[PROVIDED RECORDS — start]

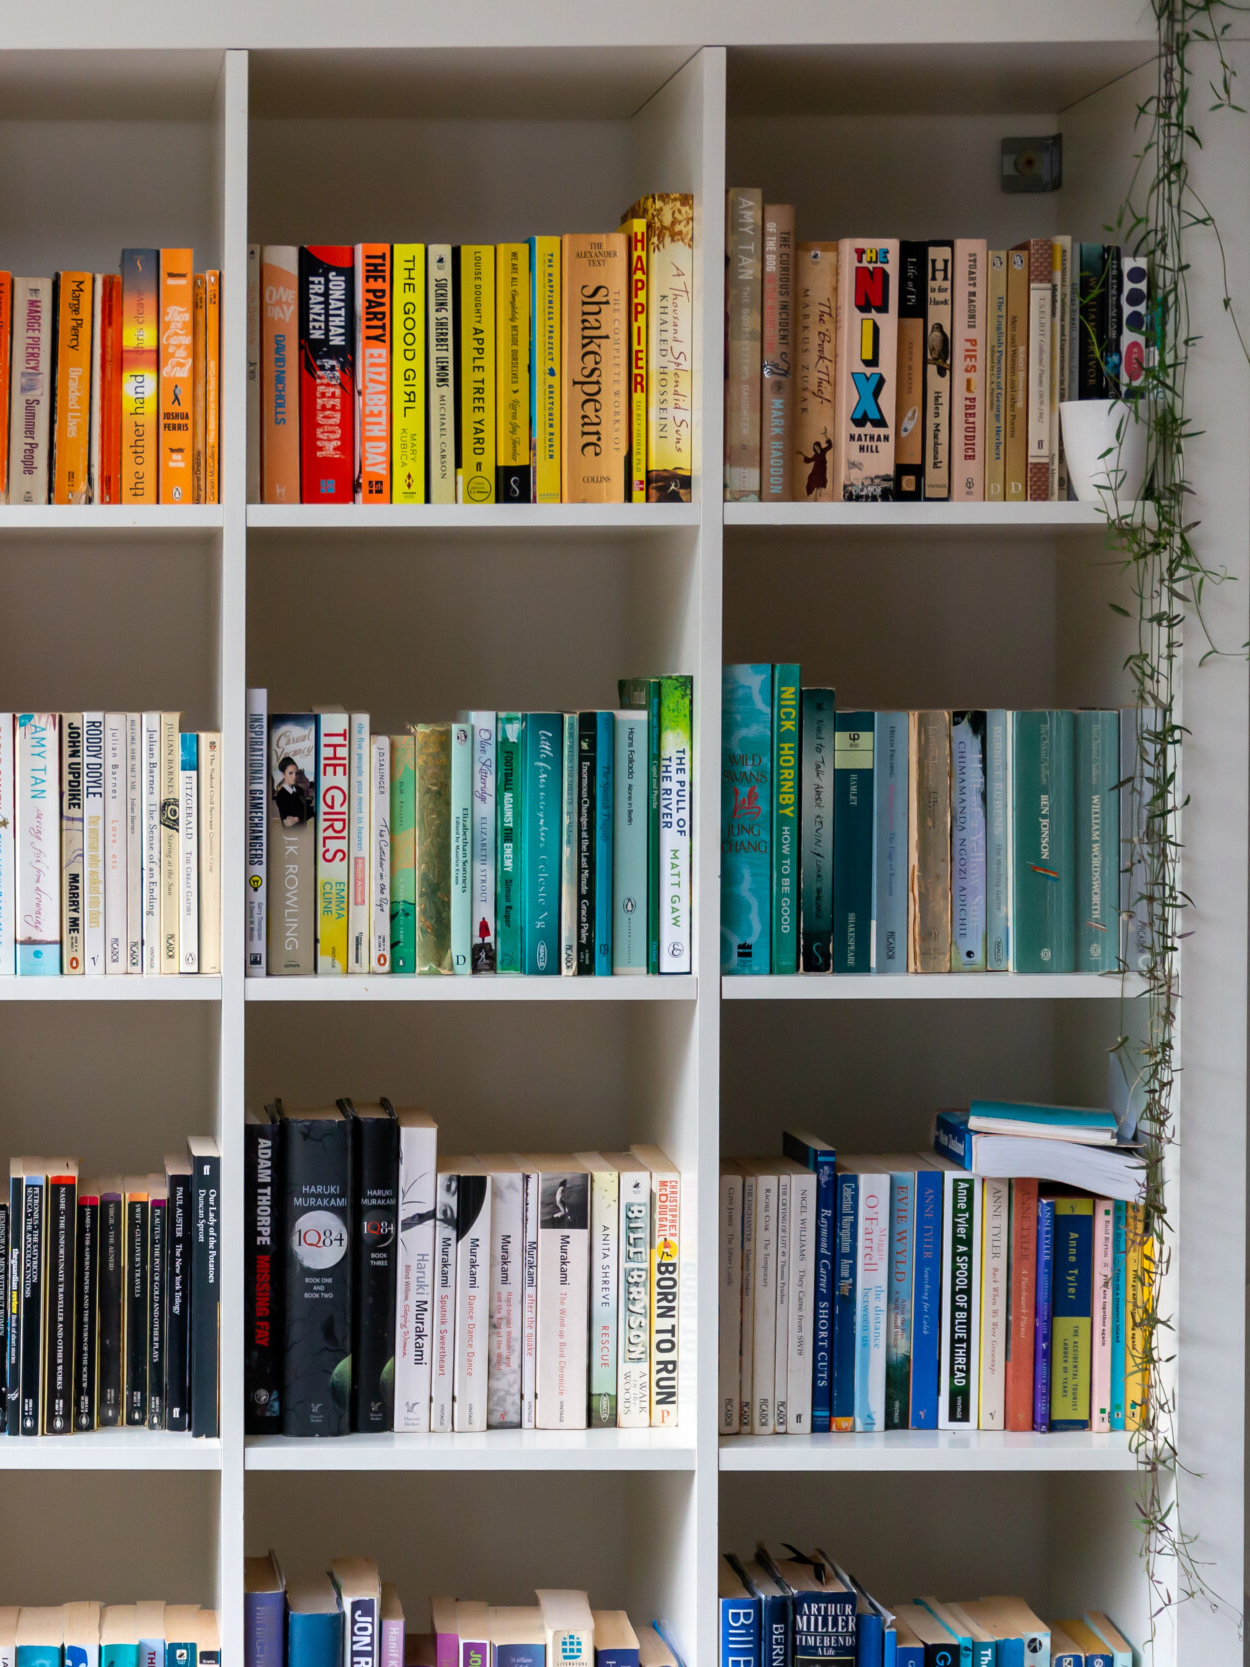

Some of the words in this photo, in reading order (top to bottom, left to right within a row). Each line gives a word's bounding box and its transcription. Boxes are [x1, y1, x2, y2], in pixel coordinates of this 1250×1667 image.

[589, 242, 604, 250] THE
[855, 248, 888, 263] THE
[365, 252, 386, 283] THE
[931, 259, 949, 281] H
[27, 300, 41, 333] MARGE
[309, 276, 325, 340] FRANZEN
[329, 271, 346, 346] JONATHAN
[366, 289, 386, 344] PARTY
[633, 231, 646, 393] HAPPIER
[25, 337, 41, 371] PIERCY
[851, 266, 889, 428] NIX
[964, 339, 977, 374] PIES
[573, 284, 610, 456] Shakespeare
[130, 374, 145, 416] hand
[364, 349, 386, 437] ELIZABETH
[23, 399, 40, 436] Summer
[163, 412, 189, 420] JOSHUA
[771, 399, 783, 435] MARK
[964, 397, 976, 461] PREJUDICE
[20, 439, 39, 475] People
[130, 421, 145, 466] other
[365, 441, 386, 475] DAY
[859, 444, 879, 453] HILL
[933, 423, 941, 469] Macdonald
[130, 471, 145, 497] the
[770, 440, 783, 494] HADDON
[780, 687, 796, 732] NICK
[68, 722, 81, 758] JOHN
[322, 729, 347, 777] THE
[628, 727, 636, 747] Hans
[662, 756, 672, 779] THE
[722, 771, 767, 783] SWANS
[728, 754, 762, 765] WILD
[68, 761, 81, 810] UPDIKE
[778, 743, 795, 817] HORNBY
[185, 775, 193, 840] FITZGERALD
[662, 784, 672, 829] RIVER
[1040, 794, 1048, 815] BEN
[1092, 794, 1100, 840] WILLIAM
[322, 786, 347, 863] GIRLS
[728, 823, 760, 837] JUNG
[1039, 818, 1049, 860] JONSON
[722, 840, 767, 853] CHANG
[670, 849, 680, 889] MATT
[1091, 843, 1100, 918] WORDSWORTH
[322, 882, 332, 916] CLINE
[334, 881, 345, 920] EMMA
[670, 896, 680, 928] GAW
[257, 1138, 271, 1174] ADAM
[256, 1179, 270, 1246] THORPE
[293, 1198, 347, 1207] MURAKAMI
[897, 1185, 909, 1221] EVIE
[197, 1219, 205, 1242] Sprott
[296, 1229, 345, 1248] 1Q84
[819, 1208, 831, 1256] Raymond
[1069, 1232, 1078, 1262] Anne
[500, 1234, 512, 1286] Murakami
[895, 1226, 907, 1283] WYLD
[256, 1255, 270, 1321] MISSING
[656, 1262, 678, 1320] BORN
[819, 1260, 831, 1294] Carver
[875, 1285, 885, 1303] the
[1068, 1269, 1076, 1300] Tyler
[255, 1324, 269, 1347] FAY
[655, 1324, 676, 1354] TO
[819, 1301, 829, 1341] SHORT
[874, 1306, 882, 1349] distance
[656, 1360, 677, 1406] RUN
[818, 1345, 828, 1388] CUTS
[795, 1616, 857, 1632] MILLER
[801, 1603, 852, 1616] ARTHUR
[353, 1610, 372, 1651] JON
[727, 1609, 754, 1649] Bill
[795, 1634, 857, 1646] TIMEBENDS
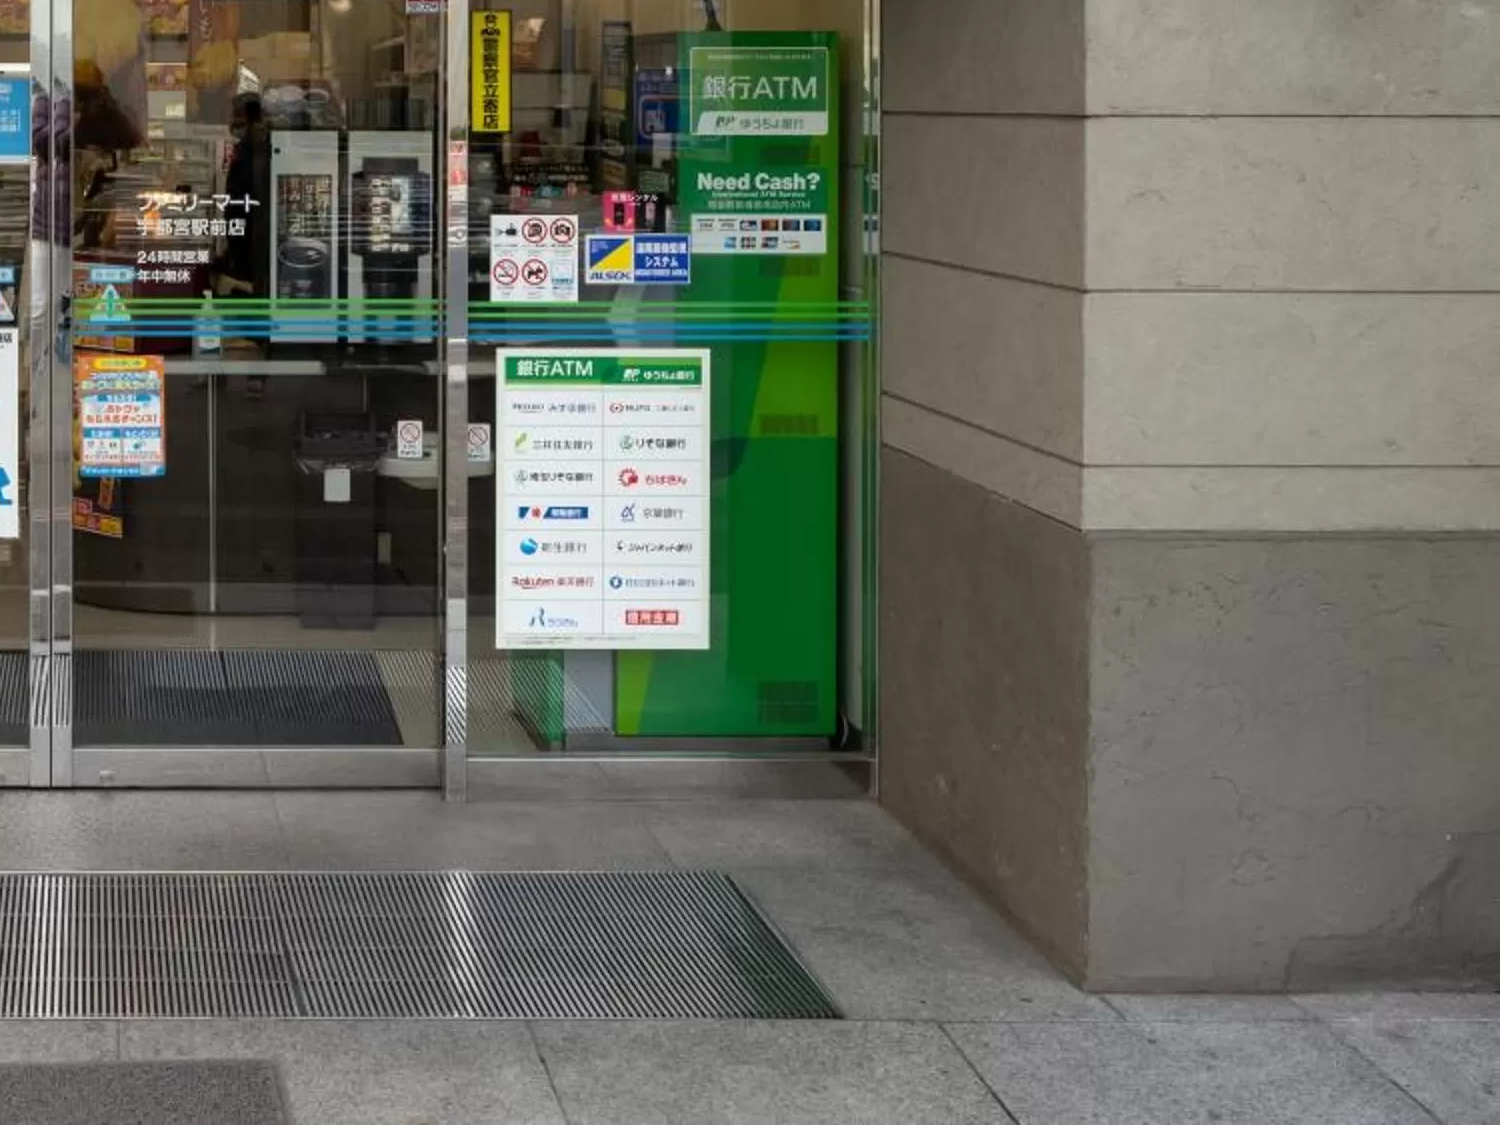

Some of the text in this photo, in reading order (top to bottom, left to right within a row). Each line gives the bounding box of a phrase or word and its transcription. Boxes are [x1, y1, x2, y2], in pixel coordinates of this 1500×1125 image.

[702, 75, 817, 100] 銀行ATM
[697, 172, 820, 190] Need Cash?
[136, 216, 246, 236] 宇都宮駅前店
[137, 250, 209, 264] 24時間営業
[517, 360, 593, 377] 銀行ATM
[644, 370, 695, 381] ゆうちょ銀行
[635, 437, 687, 450] りそな銀行
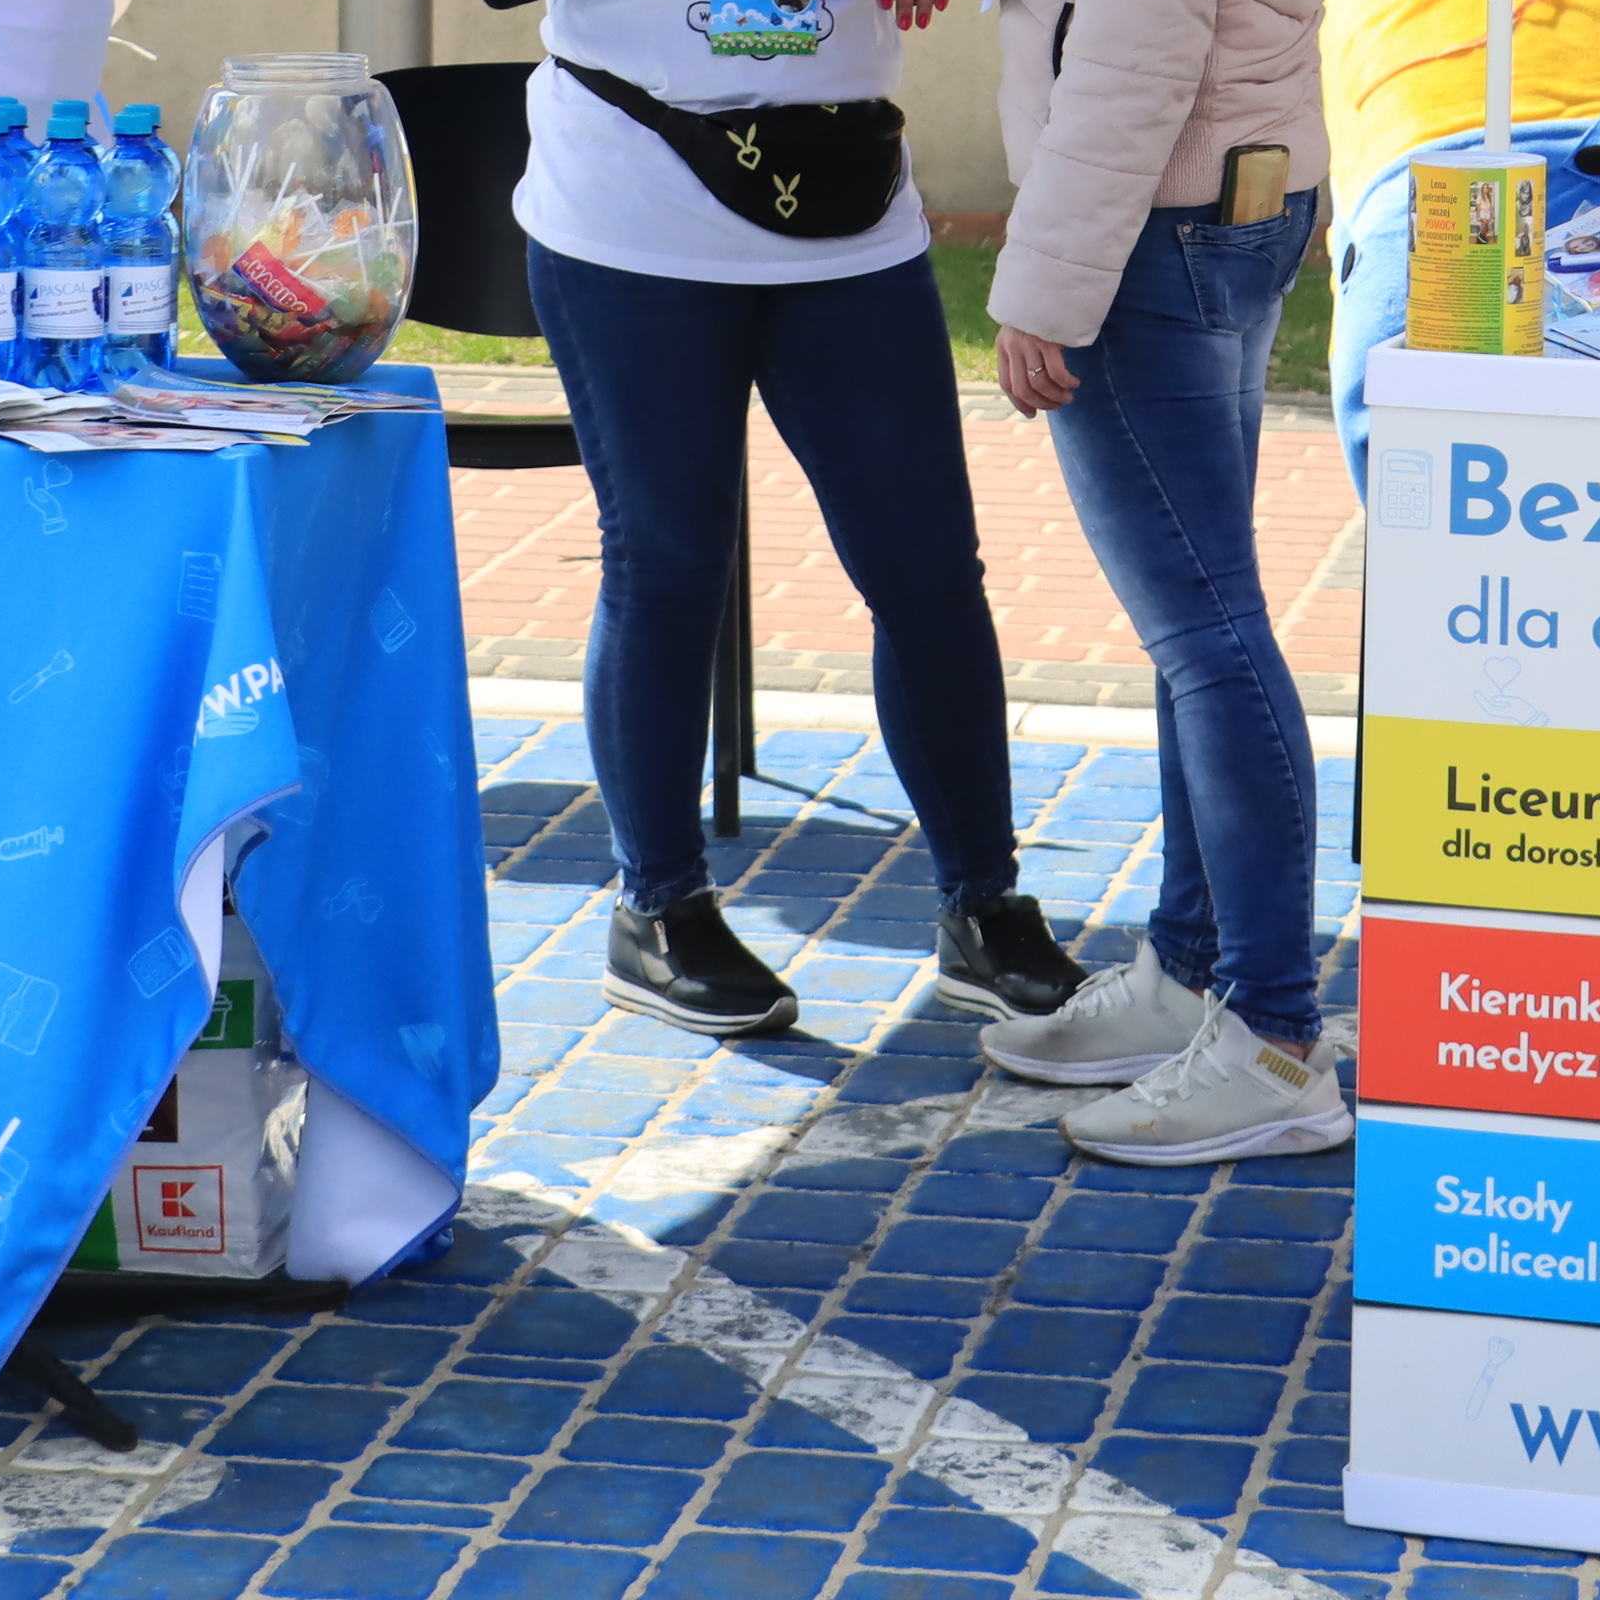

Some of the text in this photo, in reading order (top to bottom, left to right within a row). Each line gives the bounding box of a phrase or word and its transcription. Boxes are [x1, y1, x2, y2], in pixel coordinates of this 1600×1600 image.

[1430, 179, 1447, 190] Lena
[1422, 193, 1458, 205] potrzebuje
[1428, 207, 1451, 218] naszej
[1425, 219, 1457, 230] POMOCY
[39, 281, 88, 297] PASCAL
[248, 259, 310, 315] HARIBO
[1447, 575, 1560, 649] dla
[1442, 828, 1491, 860] dla
[1434, 1174, 1573, 1234] Szkoły
[147, 1224, 215, 1239] Kaufland
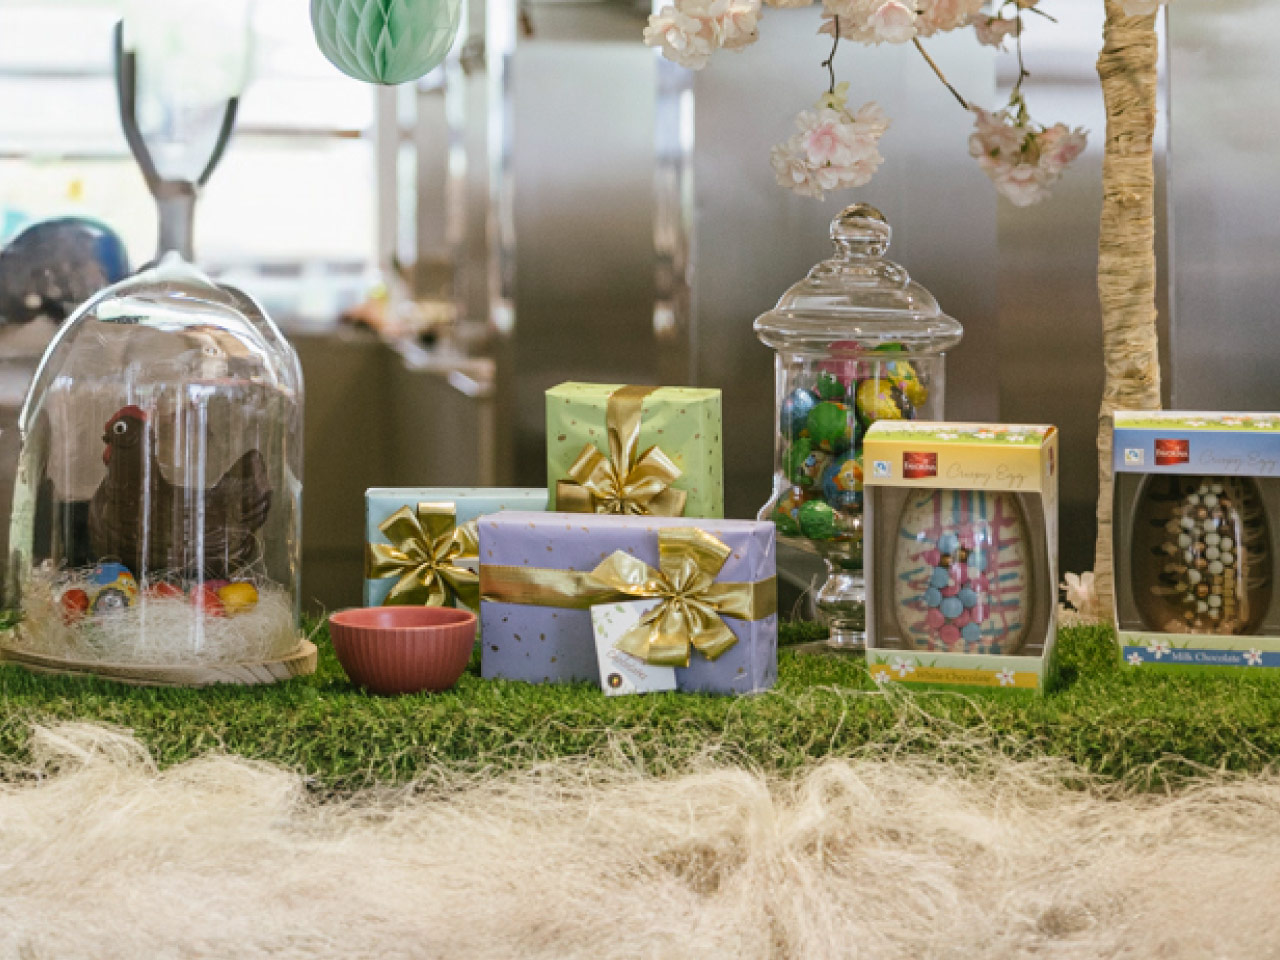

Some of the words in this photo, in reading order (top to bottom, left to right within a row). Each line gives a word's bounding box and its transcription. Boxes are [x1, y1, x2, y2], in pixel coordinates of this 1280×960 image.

[PROVIDED RECORDS — finish]

> WHAT TO DO: Send back the data above word for word, with the pictures left out.

> COMPLETED EXERCISE:
Some of the words in this photo, in reading order (top to bottom, left to right within a row). Each line gives a word's bounding box and its transcription. Boxes are [x1, y1, x2, y2], in pixel coordinates of this 1250×1667 image.

[589, 242, 604, 250] THE
[855, 248, 888, 263] THE
[365, 252, 386, 283] THE
[931, 259, 949, 281] H
[27, 300, 41, 333] MARGE
[309, 276, 325, 340] FRANZEN
[329, 271, 346, 346] JONATHAN
[366, 289, 386, 344] PARTY
[633, 231, 646, 393] HAPPIER
[25, 337, 41, 371] PIERCY
[851, 266, 889, 428] NIX
[964, 339, 977, 374] PIES
[573, 284, 610, 456] Shakespeare
[130, 374, 145, 416] hand
[364, 349, 386, 437] ELIZABETH
[23, 399, 40, 436] Summer
[163, 412, 189, 420] JOSHUA
[771, 399, 783, 435] MARK
[964, 397, 976, 461] PREJUDICE
[20, 439, 39, 475] People
[130, 421, 145, 466] other
[365, 441, 386, 475] DAY
[859, 444, 879, 453] HILL
[933, 423, 941, 469] Macdonald
[130, 471, 145, 497] the
[770, 440, 783, 494] HADDON
[780, 687, 796, 732] NICK
[68, 722, 81, 758] JOHN
[322, 729, 347, 777] THE
[628, 727, 636, 747] Hans
[662, 756, 672, 779] THE
[722, 771, 767, 783] SWANS
[728, 754, 762, 765] WILD
[68, 761, 81, 810] UPDIKE
[778, 743, 795, 817] HORNBY
[185, 775, 193, 840] FITZGERALD
[662, 784, 672, 829] RIVER
[1040, 794, 1048, 815] BEN
[1092, 794, 1100, 840] WILLIAM
[322, 786, 347, 863] GIRLS
[728, 823, 760, 837] JUNG
[1039, 818, 1049, 860] JONSON
[722, 840, 767, 853] CHANG
[670, 849, 680, 889] MATT
[1091, 843, 1100, 918] WORDSWORTH
[322, 882, 332, 916] CLINE
[334, 881, 345, 920] EMMA
[670, 896, 680, 928] GAW
[257, 1138, 271, 1174] ADAM
[256, 1179, 270, 1246] THORPE
[293, 1198, 347, 1207] MURAKAMI
[897, 1185, 909, 1221] EVIE
[197, 1219, 205, 1242] Sprott
[296, 1229, 345, 1248] 1Q84
[819, 1208, 831, 1256] Raymond
[1069, 1232, 1078, 1262] Anne
[500, 1234, 512, 1286] Murakami
[895, 1226, 907, 1283] WYLD
[256, 1255, 270, 1321] MISSING
[656, 1262, 678, 1320] BORN
[819, 1260, 831, 1294] Carver
[875, 1285, 885, 1303] the
[1068, 1269, 1076, 1300] Tyler
[255, 1324, 269, 1347] FAY
[655, 1324, 676, 1354] TO
[819, 1301, 829, 1341] SHORT
[874, 1306, 882, 1349] distance
[656, 1360, 677, 1406] RUN
[818, 1345, 828, 1388] CUTS
[795, 1616, 857, 1632] MILLER
[801, 1603, 852, 1616] ARTHUR
[353, 1610, 372, 1651] JON
[727, 1609, 754, 1649] Bill
[795, 1634, 857, 1646] TIMEBENDS

Some of the text in this photo, in reading order (top to bottom, left to right within a row). Each line gives the bounding box of a phrase or word and its transcription. Boxes are [x1, y1, x2, y2], in pixel coordinates of this 1500×1125 image.

[702, 75, 817, 100] 銀行ATM
[697, 172, 820, 190] Need Cash?
[136, 216, 246, 236] 宇都宮駅前店
[137, 250, 209, 264] 24時間営業
[517, 360, 593, 377] 銀行ATM
[644, 370, 695, 381] ゆうちょ銀行
[635, 437, 687, 450] りそな銀行

Some of the text in this photo, in reading order (top to bottom, left to right within a row). Each line gives the bounding box of a phrase or word and its transcription. Boxes are [x1, y1, x2, y2], in pixel coordinates of this 1600×1600 image.

[1430, 179, 1447, 190] Lena
[1422, 193, 1458, 205] potrzebuje
[1428, 207, 1451, 218] naszej
[1425, 219, 1457, 230] POMOCY
[39, 281, 88, 297] PASCAL
[248, 259, 310, 315] HARIBO
[1447, 575, 1560, 649] dla
[1442, 828, 1491, 860] dla
[1434, 1174, 1573, 1234] Szkoły
[147, 1224, 215, 1239] Kaufland

Some of the words in this photo, in reading order (top to bottom, left to right within a row). Each line gives a word's bounding box and its transcription. Boxes are [x1, y1, x2, y2], in pixel coordinates of this 1280×960 image.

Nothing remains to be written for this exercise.